▶ **WHAT TO WORK ON**
Each record is to be copied exactly, with its pictures left behind.

(Extracted data entries)
---
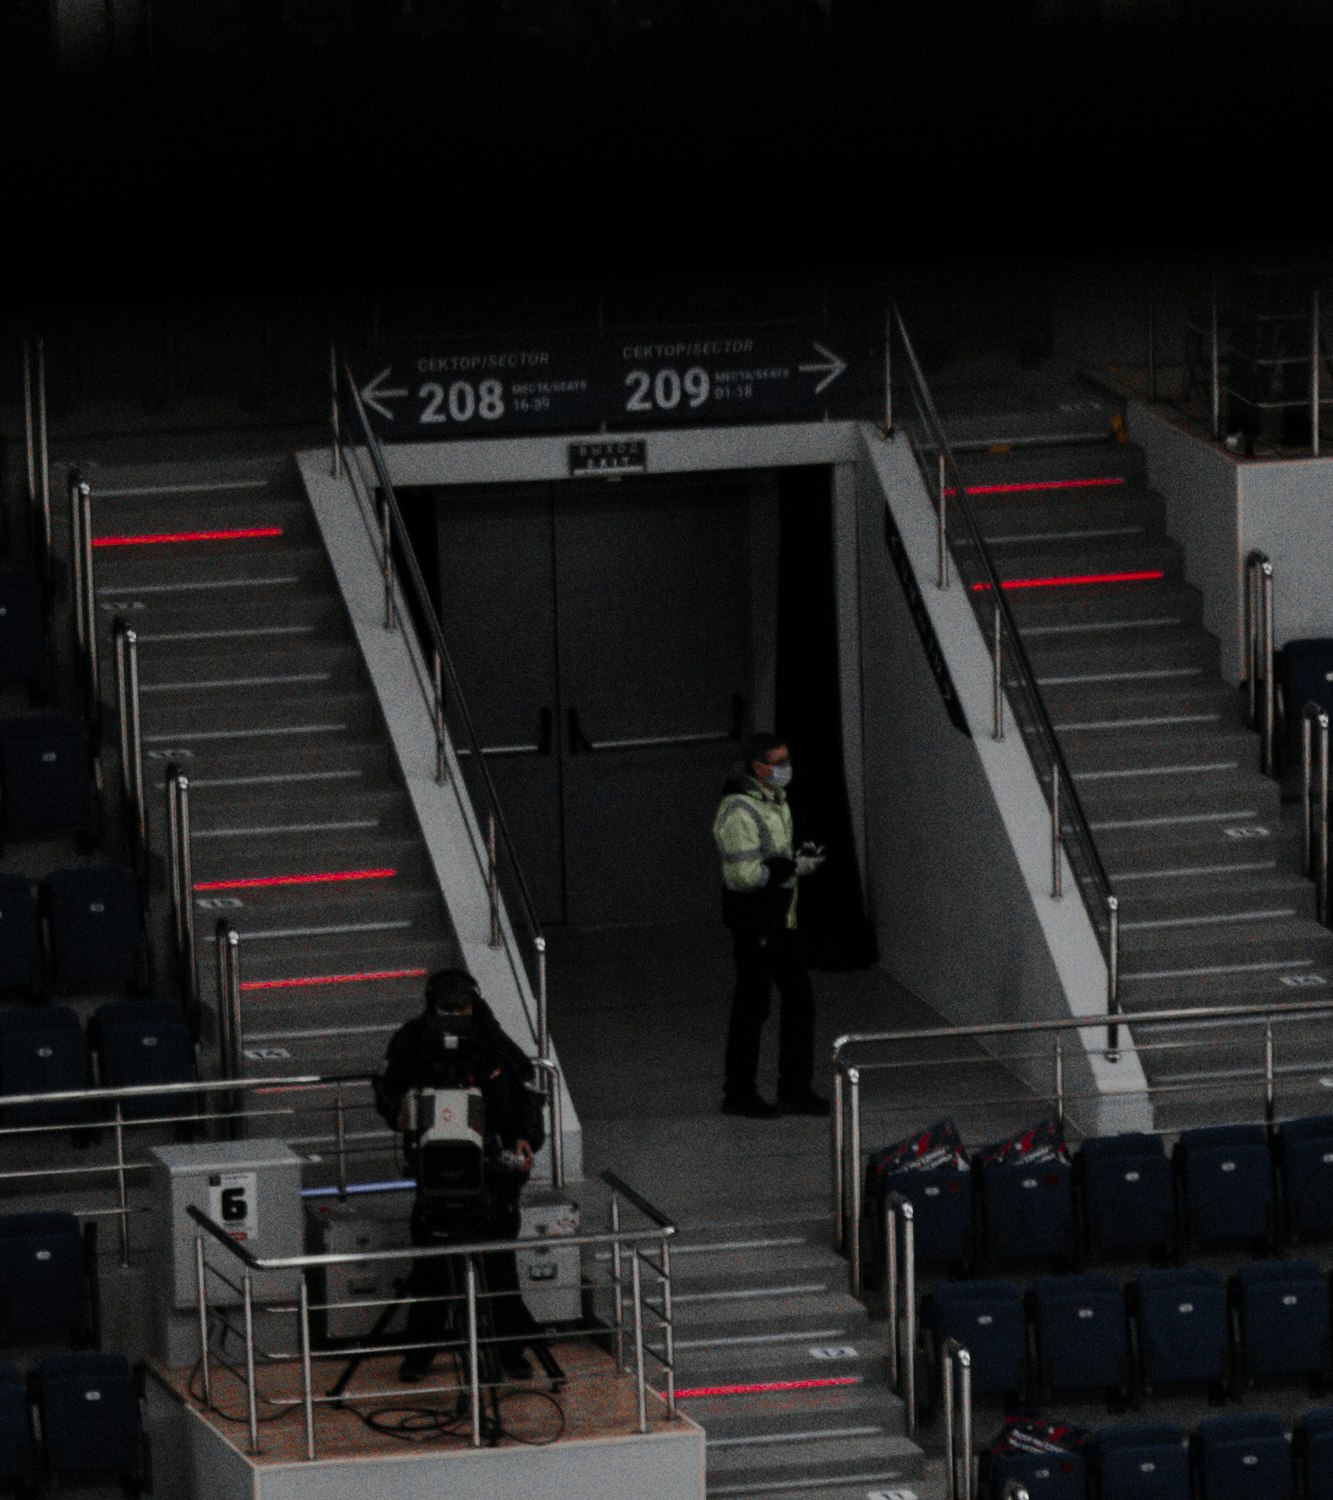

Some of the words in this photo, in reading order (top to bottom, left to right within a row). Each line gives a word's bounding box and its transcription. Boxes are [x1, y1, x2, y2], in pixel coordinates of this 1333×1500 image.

[418, 379, 505, 424] 208
[624, 366, 710, 412] 209
[222, 1188, 247, 1220] 6
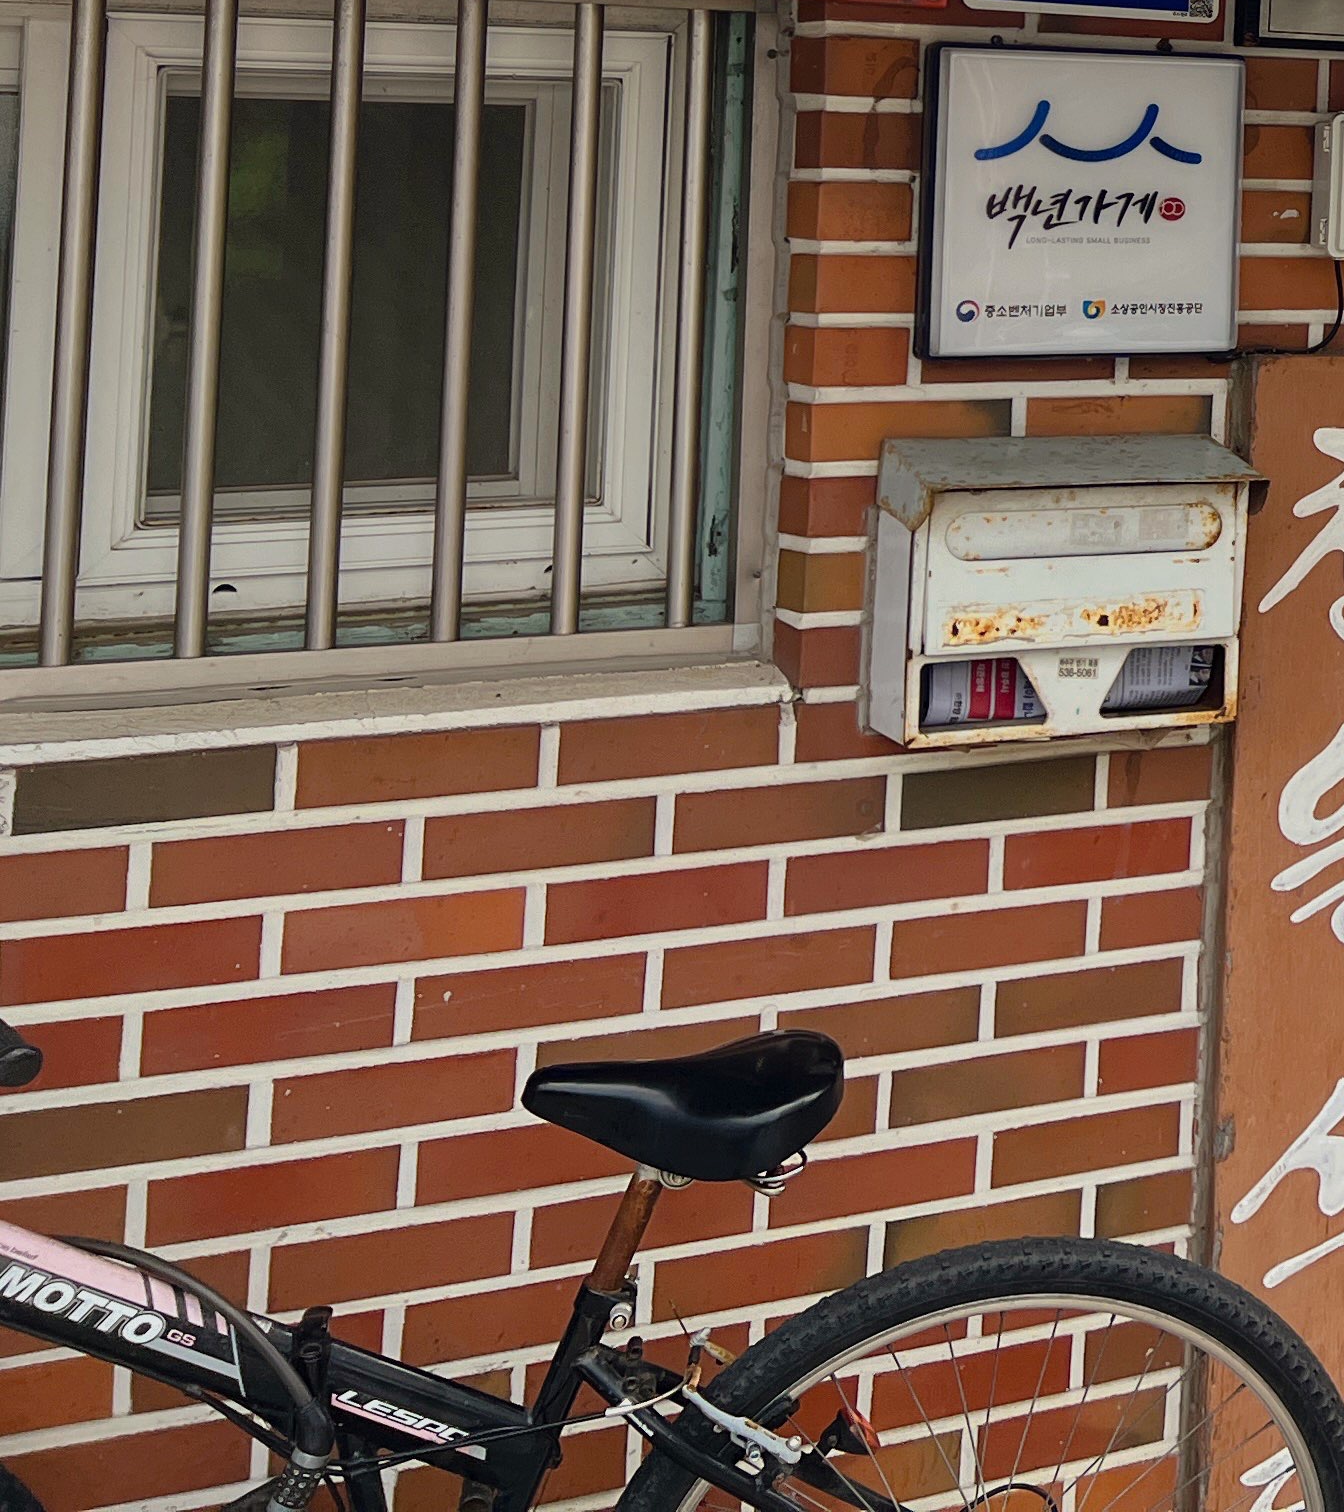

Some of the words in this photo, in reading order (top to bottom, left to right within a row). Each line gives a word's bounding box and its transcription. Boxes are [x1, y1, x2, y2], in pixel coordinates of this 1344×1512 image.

[985, 183, 1160, 250] 백년가게
[984, 303, 1068, 318] 중소벤처기업부
[0, 1263, 164, 1345] MOTTO
[166, 1328, 197, 1347] GS
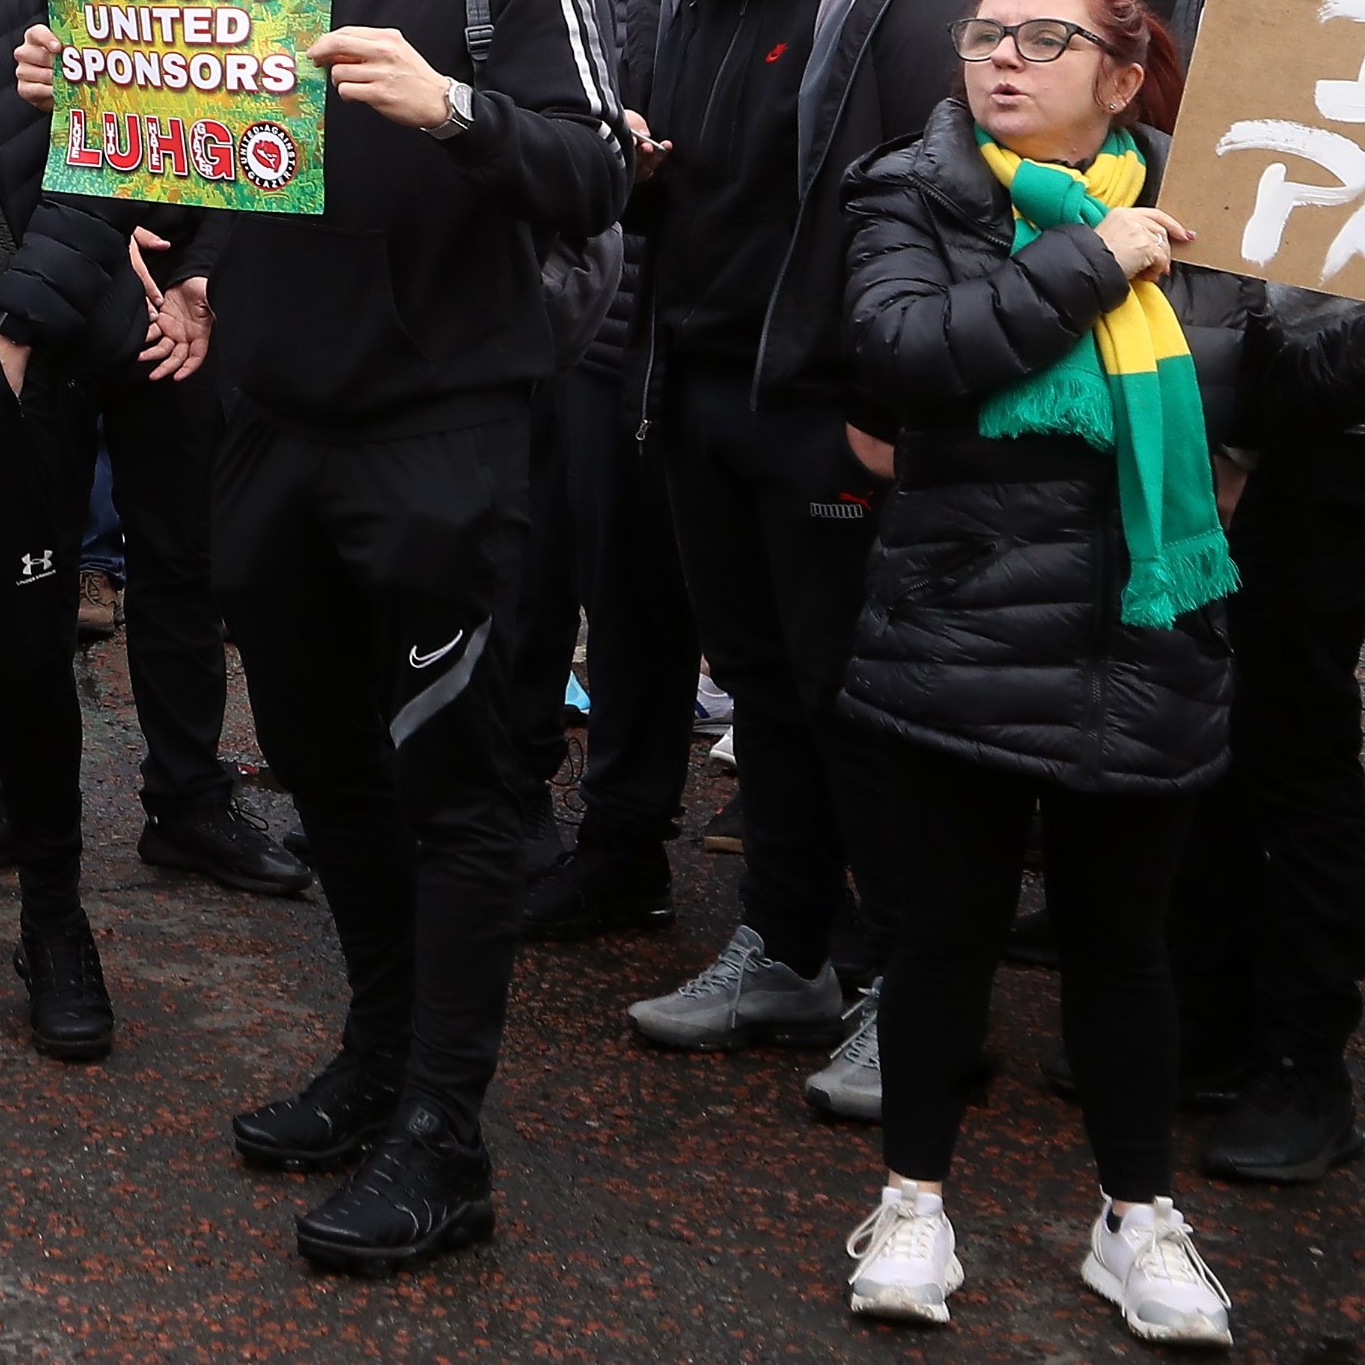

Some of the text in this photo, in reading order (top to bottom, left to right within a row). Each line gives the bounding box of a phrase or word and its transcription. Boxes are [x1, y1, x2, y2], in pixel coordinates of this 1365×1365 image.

[85, 5, 251, 45] UNITED
[62, 46, 296, 92] SPONSORS
[66, 108, 235, 180] LUHG
[71, 115, 81, 159] LOVE
[106, 122, 116, 155] UTD
[148, 122, 160, 166] HATE
[240, 124, 296, 166] UNITED AGAINST
[247, 170, 292, 189] GLAZER
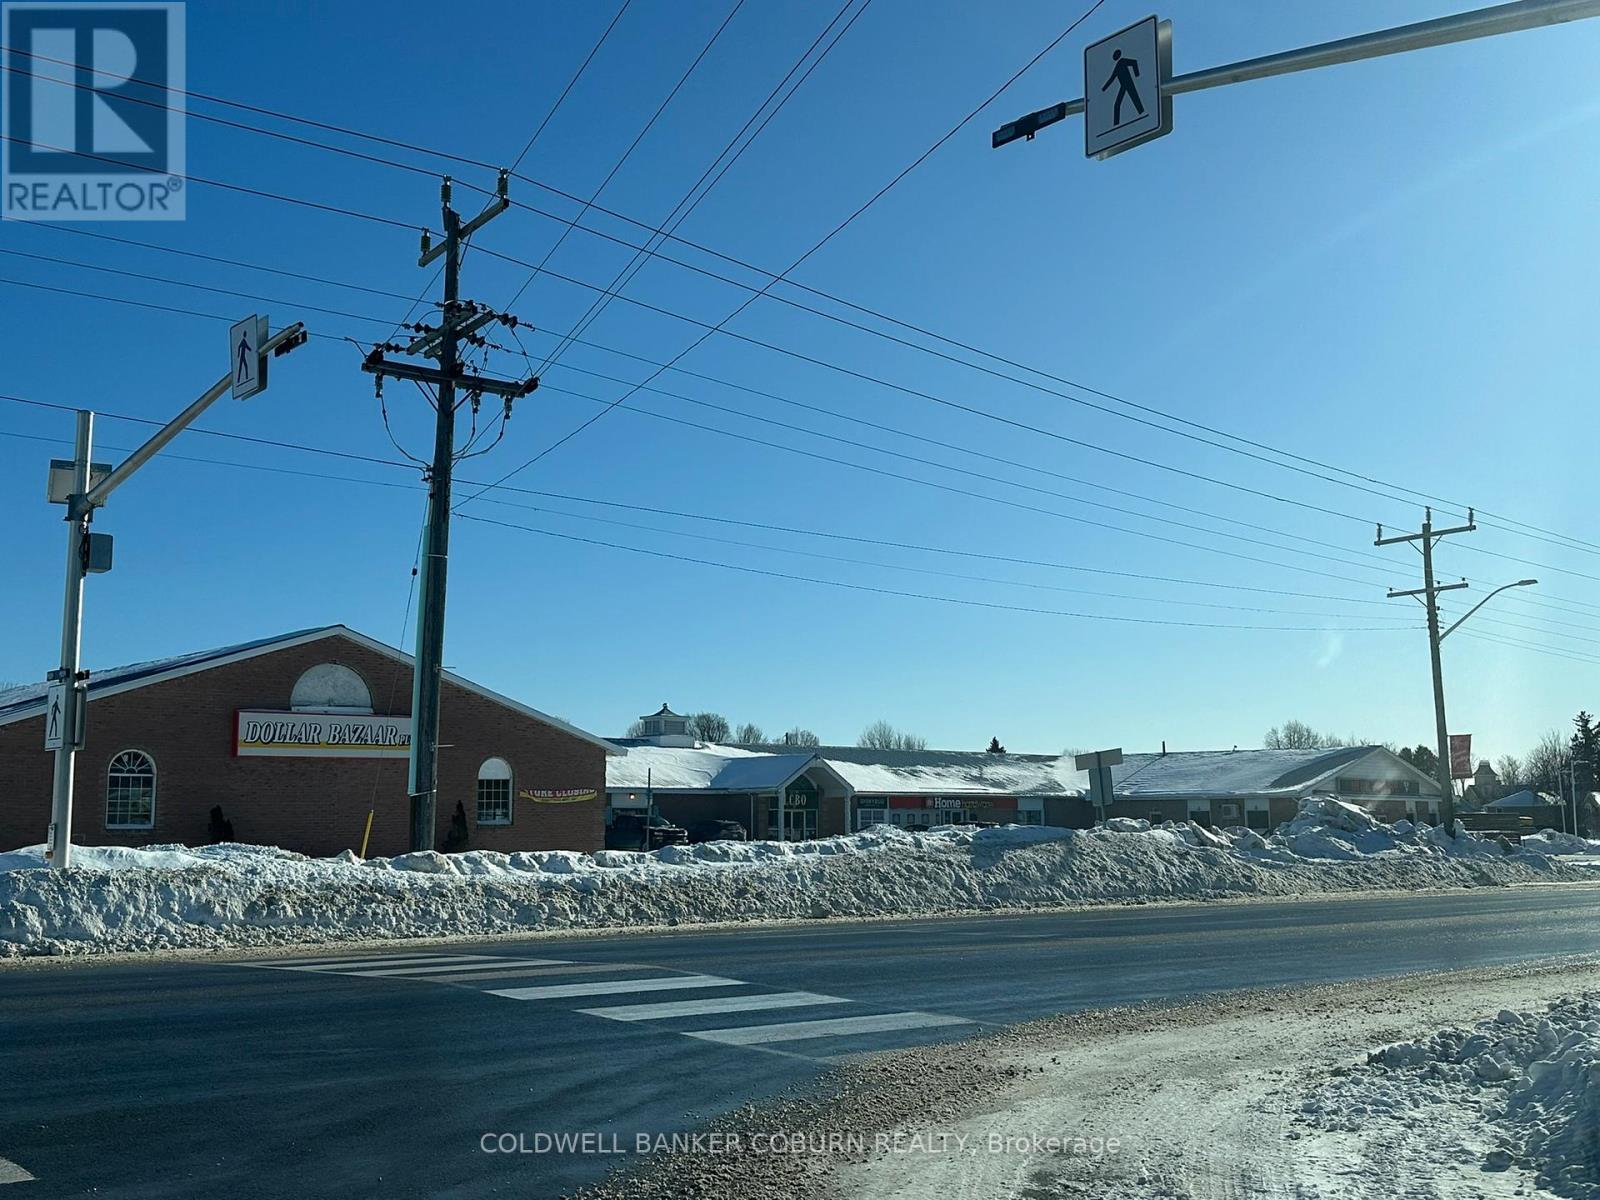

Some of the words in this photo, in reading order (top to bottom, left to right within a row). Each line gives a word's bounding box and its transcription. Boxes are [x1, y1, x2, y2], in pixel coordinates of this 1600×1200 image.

[245, 721, 321, 744] DOLLAR
[327, 724, 398, 746] BAZAAR
[934, 797, 961, 809] Home
---
▶ **SOLUTION TO THIS EXERCISE**
Some of the words in this photo, in reading order (top to bottom, left to right within a row). Each line gives a word's bounding box and its transcription. Boxes are [x1, y1, x2, y2], in pixel coordinates of this 1333×1500 image.

[418, 379, 505, 424] 208
[624, 366, 710, 412] 209
[222, 1188, 247, 1220] 6

Some of the words in this photo, in reading order (top to bottom, left to right within a row). Each line gives a word's bounding box and its transcription. Boxes are [x1, y1, x2, y2], in pixel coordinates of this 1344×1512 image.

[985, 183, 1160, 250] 백년가게
[984, 303, 1068, 318] 중소벤처기업부
[0, 1263, 164, 1345] MOTTO
[166, 1328, 197, 1347] GS

Some of the text in this photo, in reading order (top to bottom, left to right within a row). Each line gives the bounding box of a phrase or word and its transcription. Boxes are [x1, y1, x2, y2], in pixel coordinates of this 1365×1365 image.

[85, 5, 251, 45] UNITED
[62, 46, 296, 92] SPONSORS
[66, 108, 235, 180] LUHG
[71, 115, 81, 159] LOVE
[106, 122, 116, 155] UTD
[148, 122, 160, 166] HATE
[240, 124, 296, 166] UNITED AGAINST
[247, 170, 292, 189] GLAZER

Some of the words in this photo, in reading order (top to bottom, left to right within a row). Each line gives a word's bounding box and its transcription. Boxes are [x1, y1, x2, y2], in pixel coordinates of this 1600×1200 image.

[245, 721, 321, 744] DOLLAR
[327, 724, 398, 746] BAZAAR
[934, 797, 961, 809] Home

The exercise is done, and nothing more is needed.